For context, buying Stripe’s private shares almost four years ago carried a $9.1 billion valuation price tag.

Today, the company might be valued at $115 billion:

Investors are valuing Stripe at a $115 billion valuation in “secondary market” transactions, where shares of a private company’s stock are sold after they were first issued. That valuation is up more than threefold from the $36 billion Stripe fetched when it raised money in April 2020 from venture firms including Andreessen Horowitz, General Catalyst, and Sequoia.

Stripe is also planning a new primary funding round at a valuation north of $100 billion, according to a person familiar with the matter. A spokesperson from Stripe declined to comment.

The San Francisco company was founded by Irish brothers Patrick and John Collison in 2010. It helps businesses small and large — including Peloton and Canadian e-commerce platform Shopify — accept online payments, taking a fee on every transaction.

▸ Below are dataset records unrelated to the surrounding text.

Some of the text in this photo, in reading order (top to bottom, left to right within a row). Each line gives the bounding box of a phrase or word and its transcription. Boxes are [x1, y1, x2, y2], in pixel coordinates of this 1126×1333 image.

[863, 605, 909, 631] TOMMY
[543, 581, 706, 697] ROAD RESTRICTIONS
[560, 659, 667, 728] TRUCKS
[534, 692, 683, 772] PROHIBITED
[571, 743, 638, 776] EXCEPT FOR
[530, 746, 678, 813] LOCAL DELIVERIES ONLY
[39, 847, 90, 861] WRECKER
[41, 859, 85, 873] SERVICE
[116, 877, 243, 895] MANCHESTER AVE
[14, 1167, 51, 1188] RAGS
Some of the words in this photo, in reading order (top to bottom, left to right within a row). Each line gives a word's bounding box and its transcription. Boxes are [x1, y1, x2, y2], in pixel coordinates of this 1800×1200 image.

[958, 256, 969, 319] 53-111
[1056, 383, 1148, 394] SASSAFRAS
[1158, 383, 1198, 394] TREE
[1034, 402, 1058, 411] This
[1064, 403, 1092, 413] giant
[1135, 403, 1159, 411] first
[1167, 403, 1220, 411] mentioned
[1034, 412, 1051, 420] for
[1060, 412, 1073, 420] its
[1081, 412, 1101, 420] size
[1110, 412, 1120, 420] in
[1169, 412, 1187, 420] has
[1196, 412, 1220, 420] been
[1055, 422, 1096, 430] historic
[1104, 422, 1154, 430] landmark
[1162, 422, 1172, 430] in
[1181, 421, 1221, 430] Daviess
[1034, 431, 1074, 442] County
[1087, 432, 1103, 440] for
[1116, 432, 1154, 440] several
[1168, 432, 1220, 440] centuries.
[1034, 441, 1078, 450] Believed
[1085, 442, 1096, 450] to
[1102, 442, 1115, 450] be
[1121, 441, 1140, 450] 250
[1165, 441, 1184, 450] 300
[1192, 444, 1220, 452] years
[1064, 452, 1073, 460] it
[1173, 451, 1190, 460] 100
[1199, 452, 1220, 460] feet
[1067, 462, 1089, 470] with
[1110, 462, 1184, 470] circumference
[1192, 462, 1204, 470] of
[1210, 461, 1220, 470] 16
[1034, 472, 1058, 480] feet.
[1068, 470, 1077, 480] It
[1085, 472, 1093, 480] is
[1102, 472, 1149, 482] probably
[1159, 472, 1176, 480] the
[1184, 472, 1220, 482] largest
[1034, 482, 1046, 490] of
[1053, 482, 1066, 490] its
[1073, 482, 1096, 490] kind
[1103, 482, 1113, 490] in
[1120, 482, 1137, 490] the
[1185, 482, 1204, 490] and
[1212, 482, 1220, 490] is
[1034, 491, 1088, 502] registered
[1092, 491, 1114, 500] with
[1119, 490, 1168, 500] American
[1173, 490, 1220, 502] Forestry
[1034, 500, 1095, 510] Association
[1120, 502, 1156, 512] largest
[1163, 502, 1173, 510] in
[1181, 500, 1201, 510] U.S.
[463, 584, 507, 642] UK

While Covid has accelerated consumers’ shift to online shopping, Stripe and its peers have seen demand for its services swell.

Netherlands-based Adyen is Stripe’s closest competitor and counts Netflix as a customer. It has seen its stock jump 150% over the past year, reaching $66 billion. PayPal’s stock has risen just as much, and it competes with Stripe through its Braintree payment processing service that it bought in 2013. Stripe’s business is likely a similar size as Adyen’s and Braintree’s, estimates Lisa Ellis, a partner and senior analyst at investment research firm MoffettNathanson. But Stripe is likely growing faster, and its partnerships with Shopify and Amazon give it a competitive advantage, she says. Link

Of all casino games, I never understood roulette.

I mean, of course, I understand how the game works.

But I don’t understand why anyone would waste money that way.

I guess I also never understood why people trusted Donald Trump… with anything:

Trump Hotels & Casino Resorts lost money every single year that Trump ran it as a public company. Net losses of $13 million in 1995 ballooned to $134 million by 1999, and $191 million in 2004. Not even his chosen accounting firm, Arthur Andersen (of Enron fame), could have hidden all the red ink. In total, from 1995 through 2004, the company booked total losses of $647 million.

Trump had complete control — both as the chairman and as the owner of a special class of stock that carried many more votes than those he sold to the public. He even gave the company his initials, DJT, as its stock ticker symbol.

Its debts mounted, the stock collapsed — and in the end, the creditors had had enough. The courts stepped in, the company had to go through a Chapter 11 bankruptcy reorganization, and The Donald ended up with a largely ceremonial role — sort of like the guy in the costume welcoming you to Caesar’s Palace. By April 2004, someone who had invested a notional $100 in the IPO was left with about $10. Link

Considering the CEOs of Plaid and Stripe are both in their early 30s, owning their companies’ private shares is a good bet on the future.

In the public market, their competition in the form of PayPal ($PYPL), Adyen ($ADYYF), and the like are still going strong.

Being invested in tomorrow’s fintech leaders is almost like playing with house money.